*** Opening Supplied entries ***
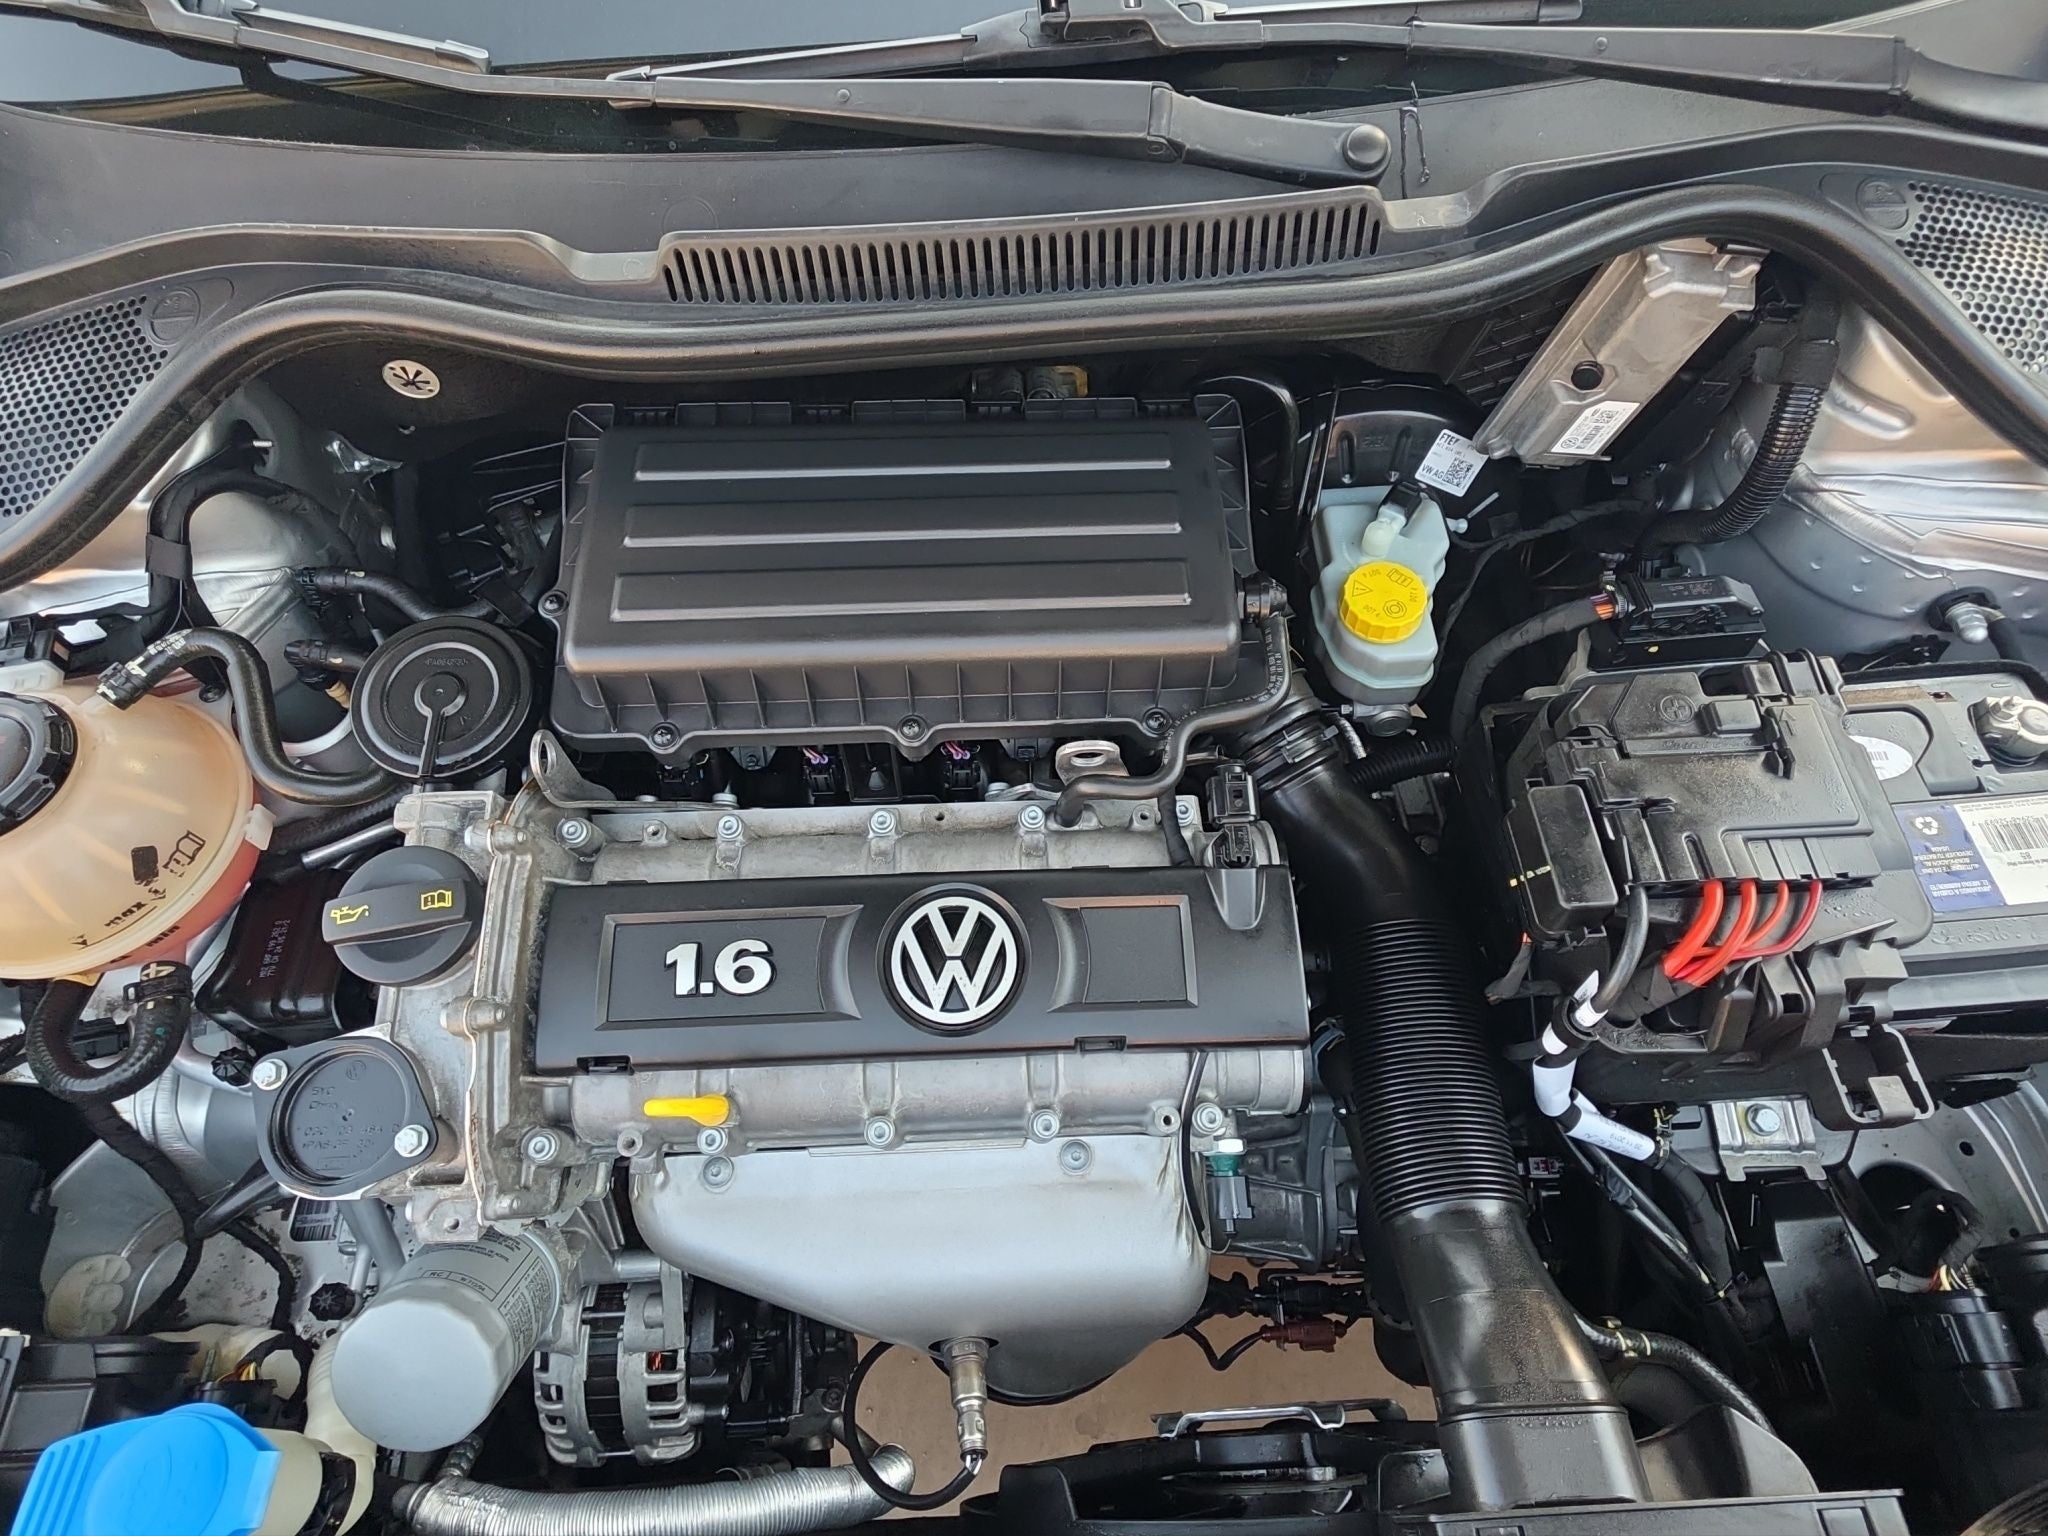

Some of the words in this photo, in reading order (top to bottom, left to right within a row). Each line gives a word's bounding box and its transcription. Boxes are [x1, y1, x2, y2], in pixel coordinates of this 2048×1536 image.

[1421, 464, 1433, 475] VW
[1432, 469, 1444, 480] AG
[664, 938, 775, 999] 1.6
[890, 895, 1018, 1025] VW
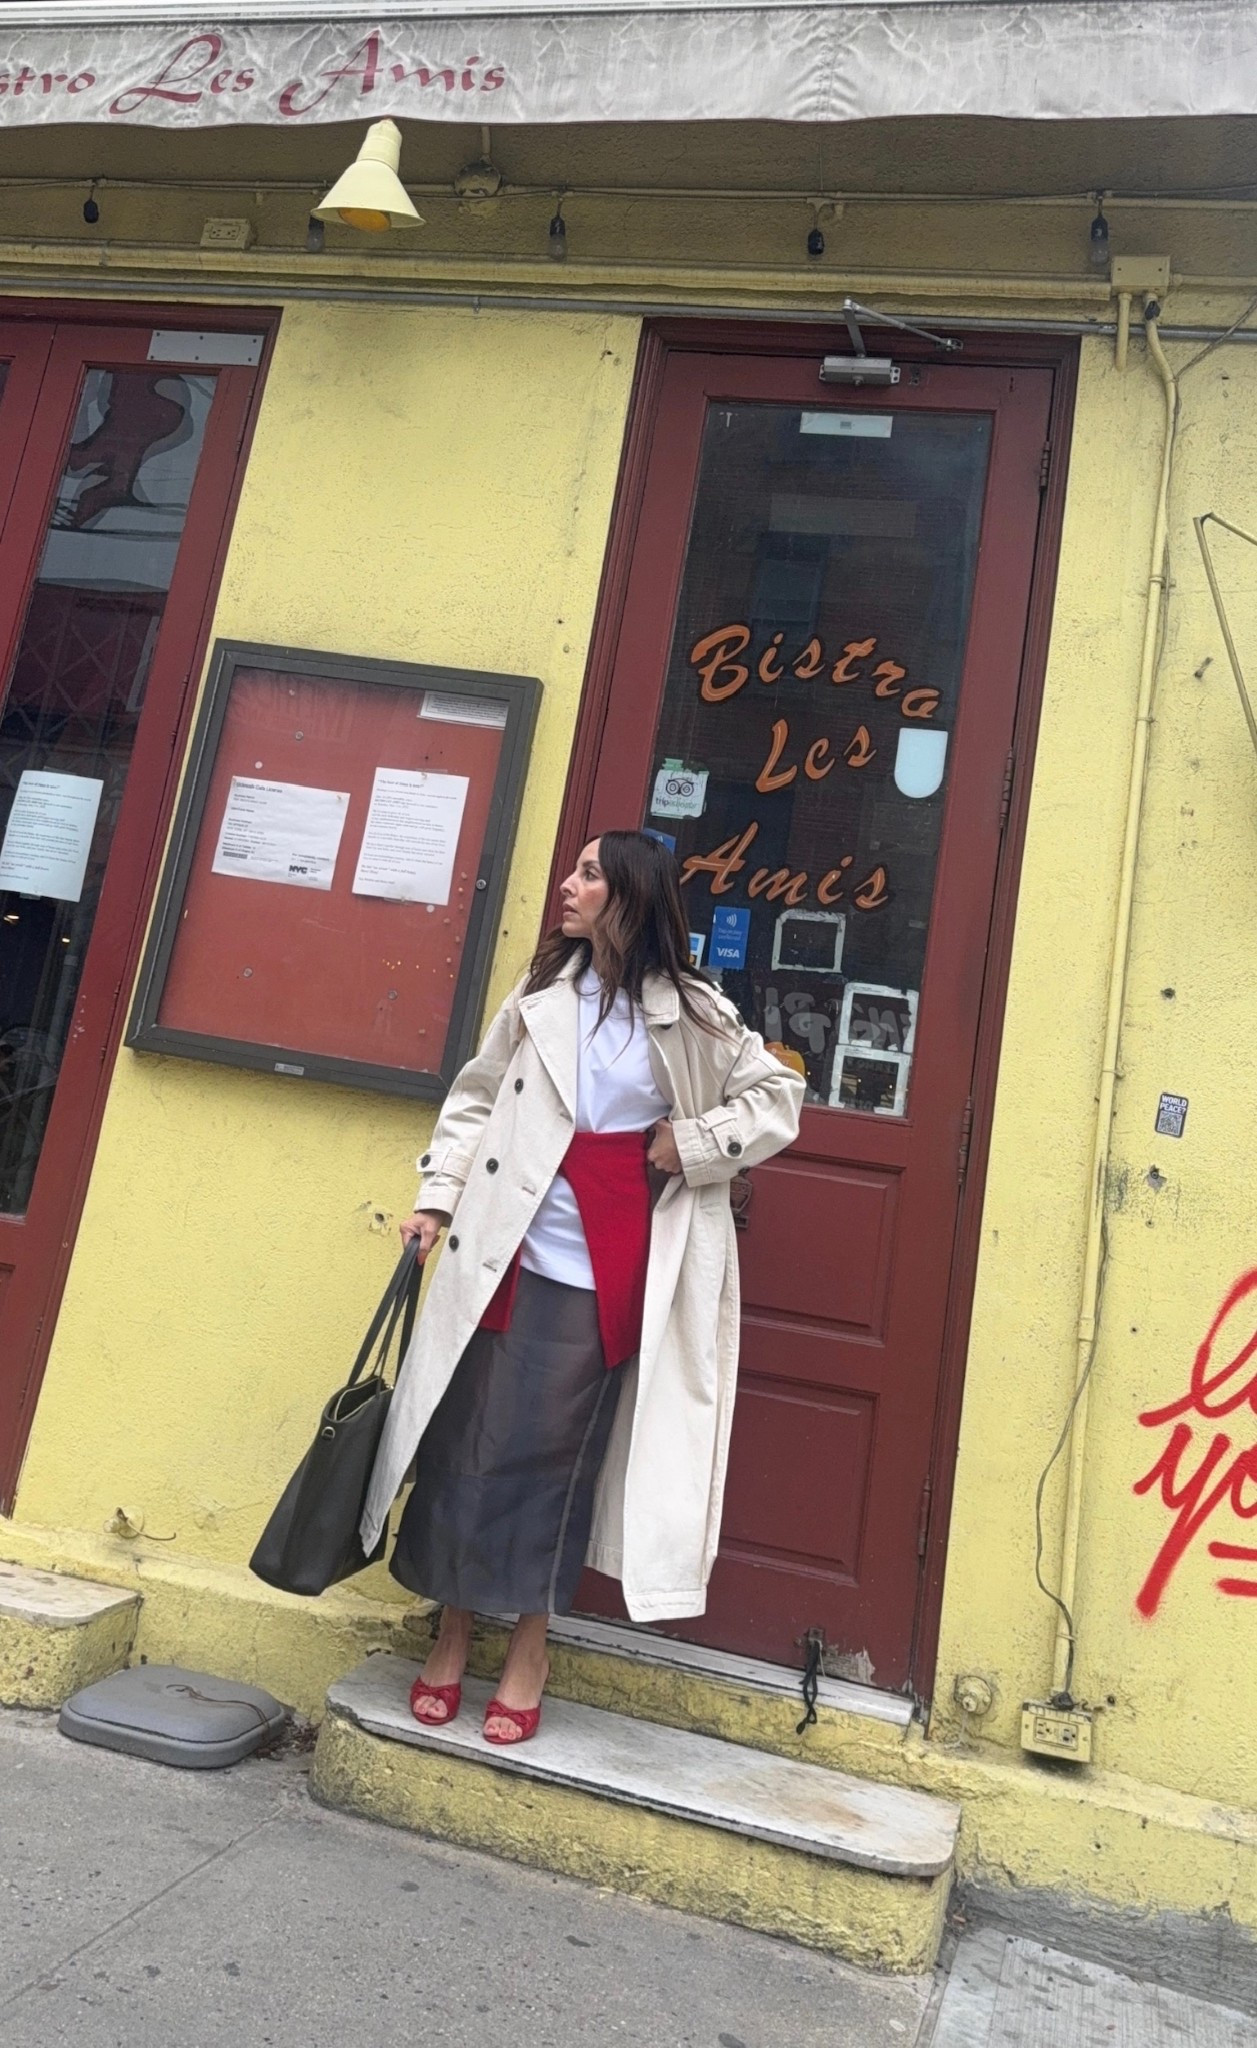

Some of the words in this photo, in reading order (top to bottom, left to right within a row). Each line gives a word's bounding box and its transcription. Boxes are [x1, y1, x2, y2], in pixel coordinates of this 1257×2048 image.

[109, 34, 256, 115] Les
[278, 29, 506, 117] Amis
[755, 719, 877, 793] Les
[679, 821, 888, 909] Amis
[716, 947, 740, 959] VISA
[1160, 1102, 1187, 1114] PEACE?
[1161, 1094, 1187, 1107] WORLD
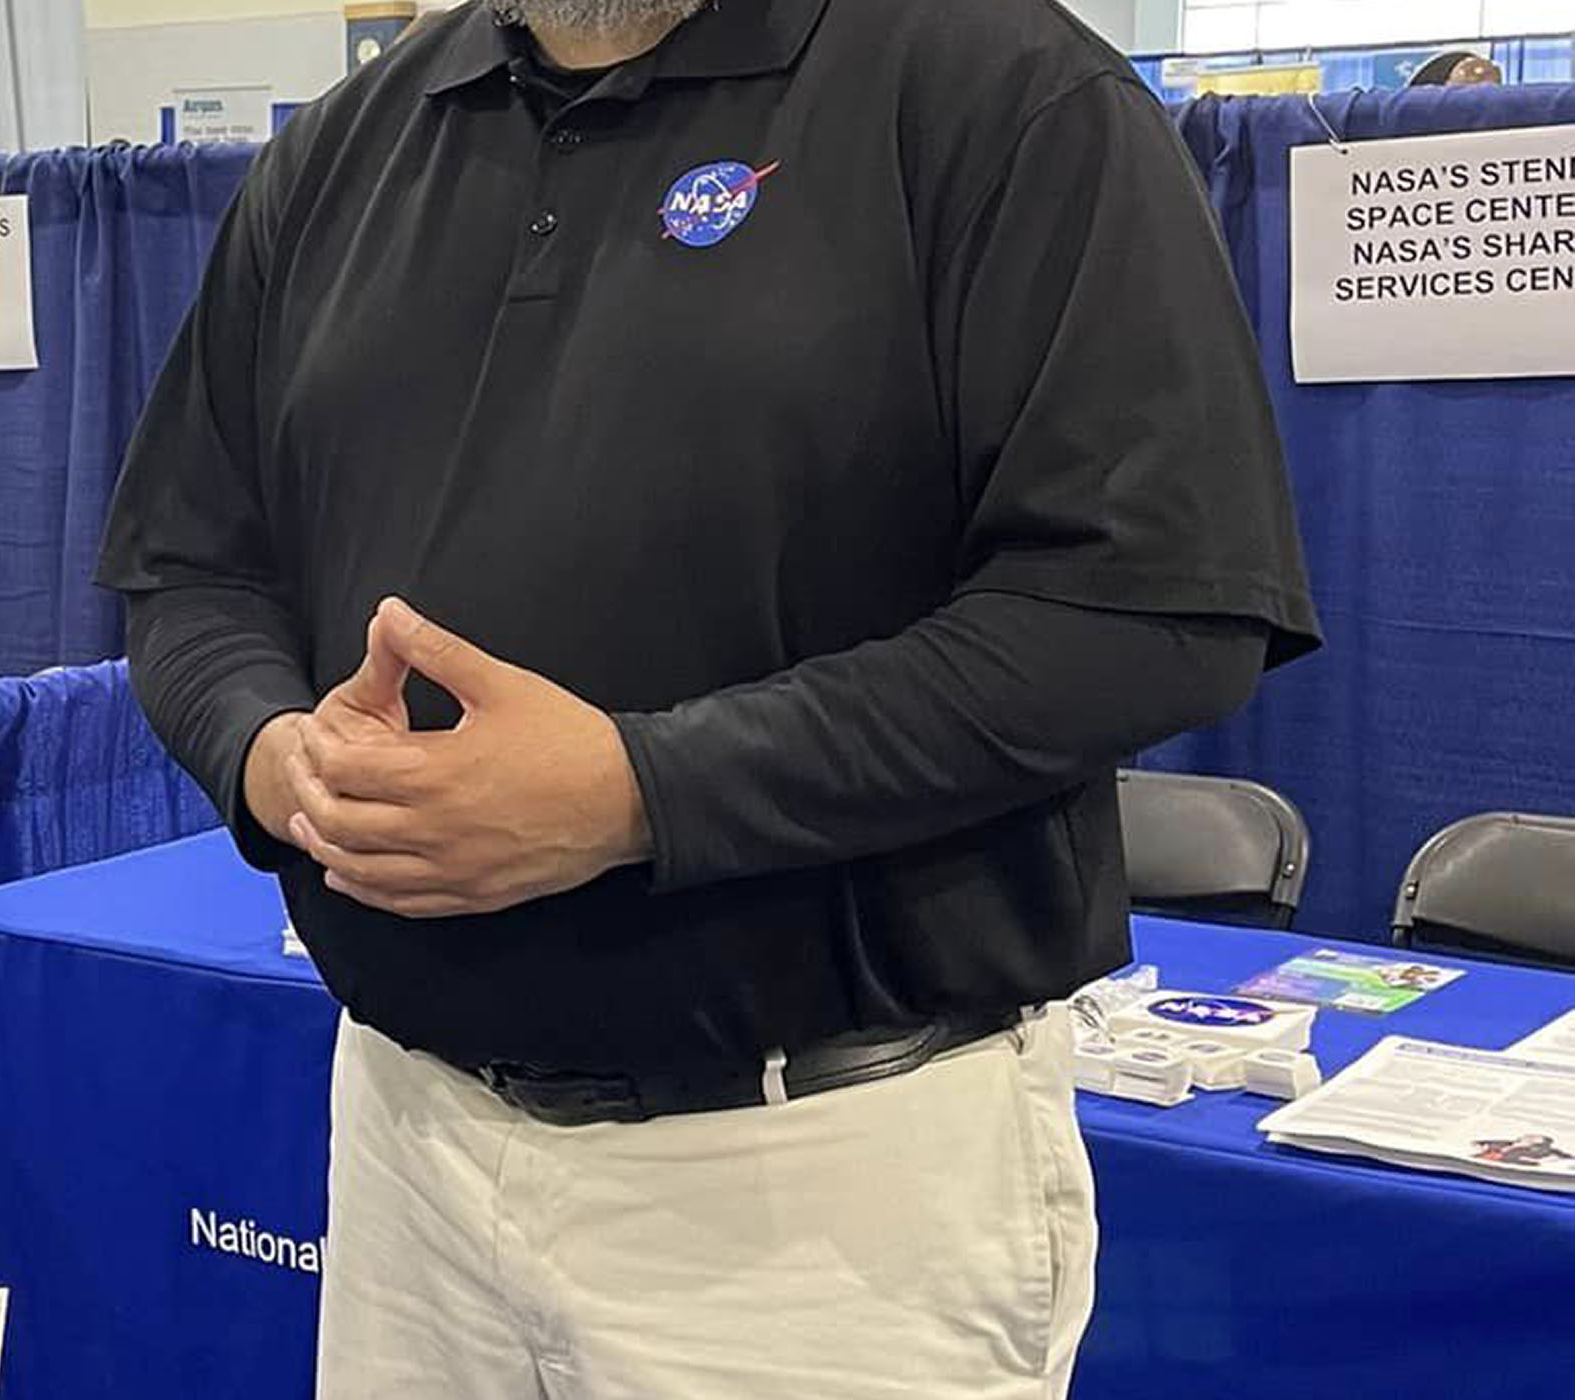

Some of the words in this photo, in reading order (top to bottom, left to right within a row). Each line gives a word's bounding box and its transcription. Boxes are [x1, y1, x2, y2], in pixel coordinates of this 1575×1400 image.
*** Closing Supplied entries ***
Once the pictures are set aside, write out the entries verbatim.

Some of the words in this photo, in reading order (top to bottom, left to right within a row). Each line gives a word's bounding box and its transcription. Boxes are [x1, y1, x2, y2], in pixel coordinates of this 2048×1536 image.

[1421, 464, 1433, 475] VW
[1432, 469, 1444, 480] AG
[664, 938, 775, 999] 1.6
[890, 895, 1018, 1025] VW

Some of the words in this photo, in reading order (top to bottom, left to right within a row). Each line gives a word's bounding box and its transcription. Boxes are [x1, y1, x2, y2], in pixel coordinates of this 1257×2048 image.

[109, 34, 256, 115] Les
[278, 29, 506, 117] Amis
[755, 719, 877, 793] Les
[679, 821, 888, 909] Amis
[716, 947, 740, 959] VISA
[1160, 1102, 1187, 1114] PEACE?
[1161, 1094, 1187, 1107] WORLD

Some of the words in this photo, in reading order (top to bottom, left to right within a row). Each line gives a word's bounding box and its transcription. Boxes are [x1, y1, x2, y2], in pixel coordinates of this 1575×1400 image.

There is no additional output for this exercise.